(Dataset entries)
-- -- --

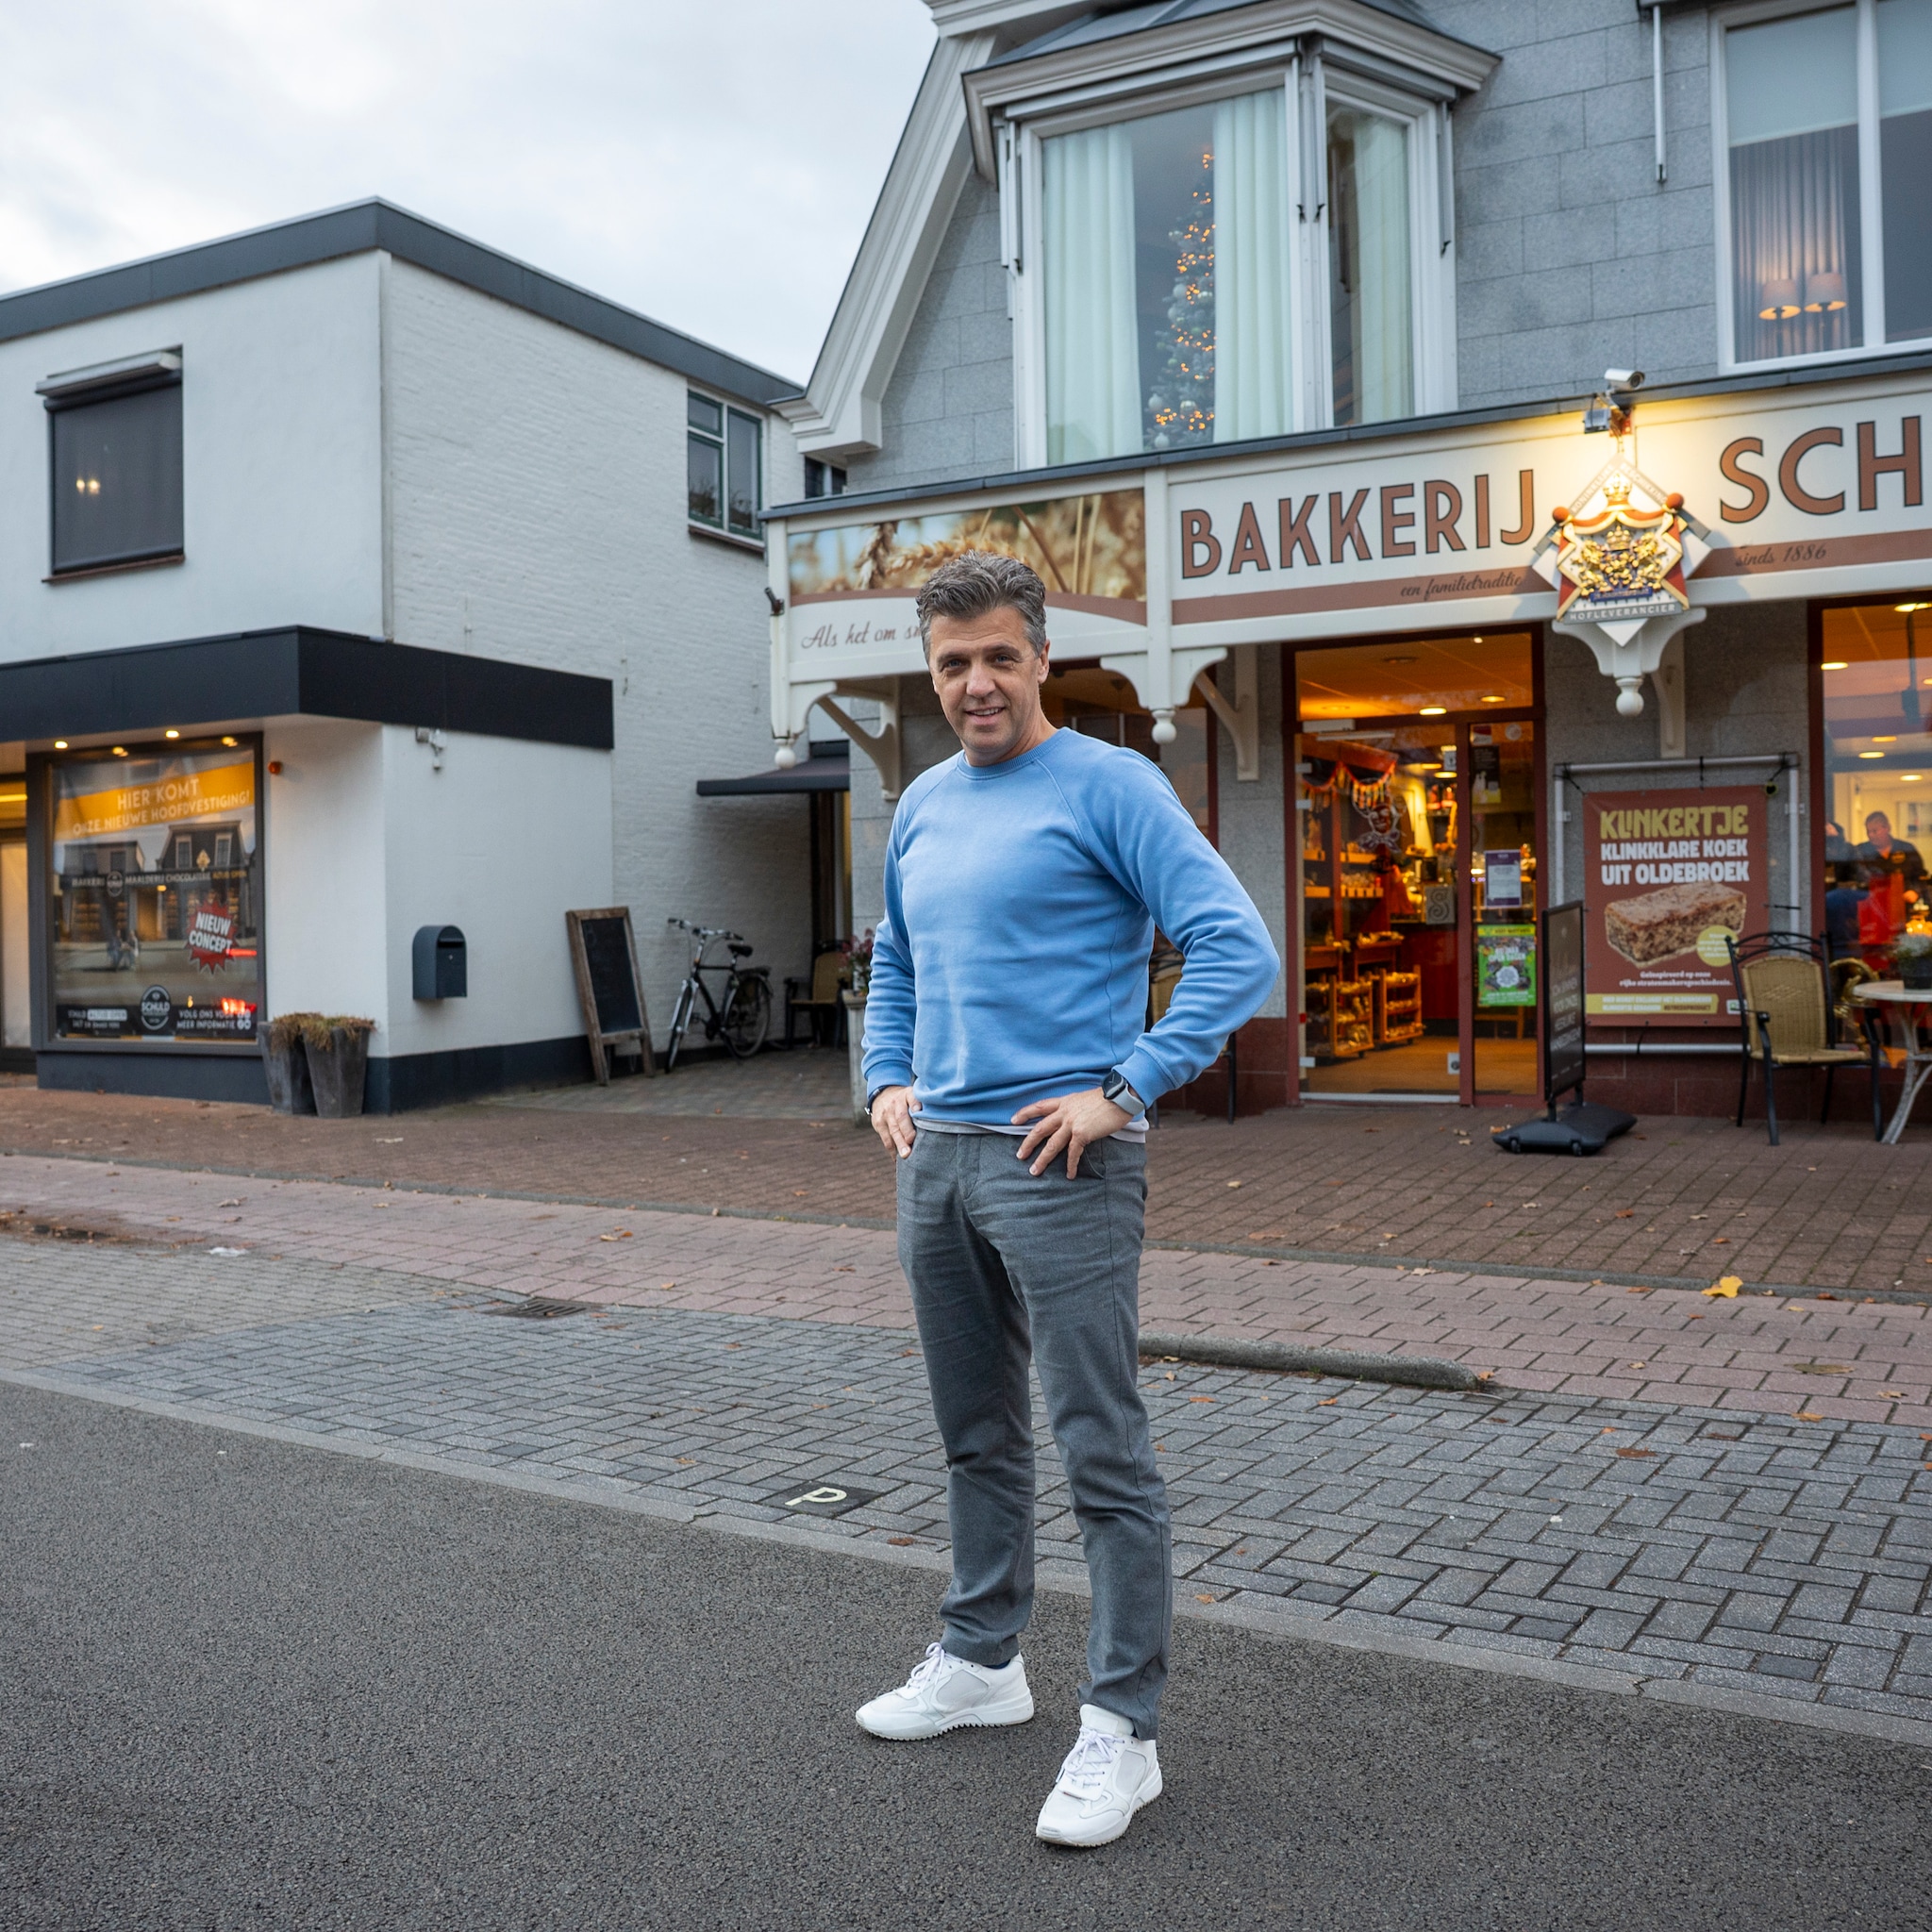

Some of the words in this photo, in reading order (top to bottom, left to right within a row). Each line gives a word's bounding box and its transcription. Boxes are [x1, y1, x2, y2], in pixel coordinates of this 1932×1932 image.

[1181, 469, 1535, 579] BAKKERIJ
[1720, 415, 1924, 524] SCH
[1736, 544, 1774, 567] sinds
[1783, 543, 1826, 563] 1886
[1401, 584, 1422, 598] een
[1424, 572, 1523, 602] familietraditie
[1570, 604, 1675, 621] HOFLEVERANCIER
[801, 624, 838, 649] Als
[845, 621, 871, 644] het
[874, 627, 896, 641] om
[117, 789, 151, 811] HIER
[157, 778, 199, 803] KOMT
[104, 811, 147, 828] NIEUWE
[151, 790, 250, 822] HOOFDVESTIGING!
[1600, 805, 1749, 840] KLINKERTJE
[1600, 840, 1700, 861] KLINKKLARE
[1703, 838, 1748, 858] KOEK
[1601, 863, 1632, 886] UIT
[1635, 860, 1750, 885] OLDEBROEK
[195, 911, 231, 936] NIEUW
[189, 930, 232, 954] CONCEPT
[785, 1487, 847, 1507] P

-- -- --

(Your objective) Transcribe all of the records above exactly; no image should appear in what you write.

(Written solution)
Some of the words in this photo, in reading order (top to bottom, left to right within a row). Each line gives a word's bounding box and its transcription. Boxes are [x1, y1, x2, y2], in pixel coordinates of this 1932×1932 image.

[1181, 469, 1535, 579] BAKKERIJ
[1720, 415, 1924, 524] SCH
[1736, 544, 1774, 567] sinds
[1783, 543, 1826, 563] 1886
[1401, 584, 1422, 598] een
[1424, 572, 1523, 602] familietraditie
[1570, 604, 1675, 621] HOFLEVERANCIER
[801, 624, 838, 649] Als
[845, 621, 871, 644] het
[874, 627, 896, 641] om
[117, 789, 151, 811] HIER
[157, 778, 199, 803] KOMT
[104, 811, 147, 828] NIEUWE
[151, 790, 250, 822] HOOFDVESTIGING!
[1600, 805, 1749, 840] KLINKERTJE
[1600, 840, 1700, 861] KLINKKLARE
[1703, 838, 1748, 858] KOEK
[1601, 863, 1632, 886] UIT
[1635, 860, 1750, 885] OLDEBROEK
[195, 911, 231, 936] NIEUW
[189, 930, 232, 954] CONCEPT
[785, 1487, 847, 1507] P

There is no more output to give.